Owner Mark Trehus does a great job injecting his personality into the stacks he curates, so I respect that maybe Taylor hasn't impressed him yet. But then again, she's an independent label signee who is totally in control of her musical output and has eschewed freemium art-explorer Spotify. Framed this way, Swift embodies the same spirit that drives indie shops, but her success has placed her outside the sphere of hipness.
Taylor's take: So it's gonna be forever, or it's gonna go down in flames.
It's immediately obvious that Roadrunner won't be the payoff destination. A tall man in a papakha looks down on me disapprovingly from the register as I enter. The store is vacuum of silence without so much as a Kooks tune playing in the background. The four or five people mulling around the crates are silently studying their finger flips.
Roadrunner's closet-like confines include a tower of 50-cent boxes stacked nearly to the roof, and I spy a grade school's vintage chorale pressing in the local section. Their new section is minuscule. It's about five feet wide and holds only a select few LPs, like Sleater-Kinney's No Cities to Love and Father John Misty's I Love You, Honeybear alongside some Captain Beefheart albums. Taylor's sub-nasal Polaroid is nowhere to be seen.
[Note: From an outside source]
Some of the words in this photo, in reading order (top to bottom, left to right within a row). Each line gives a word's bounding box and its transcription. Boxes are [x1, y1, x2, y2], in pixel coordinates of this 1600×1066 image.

I almost ask the clerk what's up, but he glares me down again, and I exit. I try calling back the next day to probe the owner, but the call is ignored. Combined, this is answer enough.
Taylor's take: Baby, I could build a castle out of the bricks they threw at me.
Hymie's Vintage Records
Hymie's is a labyrinthine shop with threadbare armchairs and vintage hi-fi systems. New and previously owned vinyl is stocked together, which makes tracking down 1989 a little difficult. However, an off-duty employee points out the last remaining copy high up on a display wall.
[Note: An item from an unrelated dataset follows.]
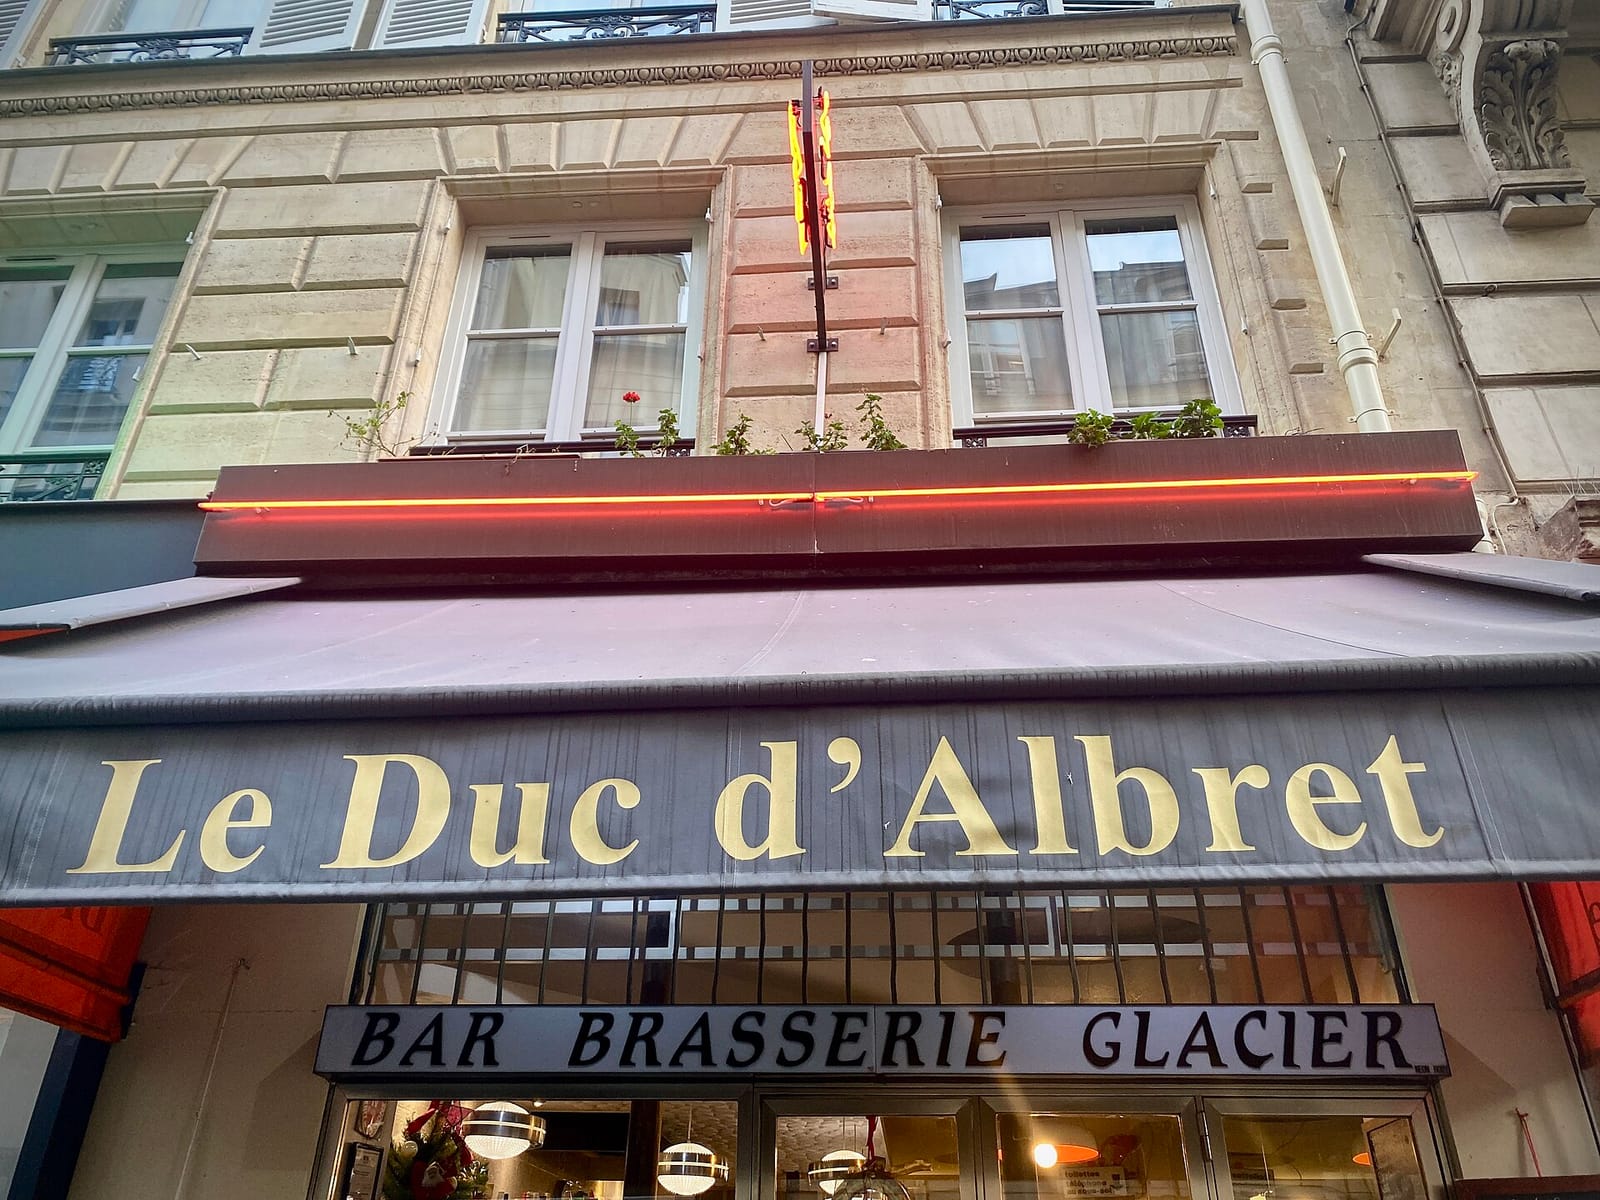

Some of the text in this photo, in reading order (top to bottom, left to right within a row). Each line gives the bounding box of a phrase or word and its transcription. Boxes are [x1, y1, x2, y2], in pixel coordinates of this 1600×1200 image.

The chipper guy behind the counter admits he's a fan of the album, but he tries to sell me on Pharrell's latest instead. He claims that the vinylization of 1989 is poorly mixed. After admitting Swift's was the store's best-selling pop record of the previous year, he bemoans the lack of digital download. To him, the pressing was an afterthought. This beat? Still sick.
Taylor's take: Hide away and find yourself with some indie record that's much cooler than mine.
Cheapo is a trove of goodies, but Swift is nowhere to be found. Confused, I trek to the counter to inquire.
"Oh, you gotta have Taylor Swift," the cashier exclaims before yelling out to the bearded man restocking the piles. He doesn't hear, so she hollers again, "DO WE HAVE ANY TAYLOR SWIFT?" I'm unsure whether she's trying to shame me, but it turns out Cheapo does stock Swift. She's just hidden away in the country section. Perhaps miscategorizations like this one are what's given the tuneful dynamo her stigma among vinyl buyers.
Taylor's take: This love is difficult, but it's real.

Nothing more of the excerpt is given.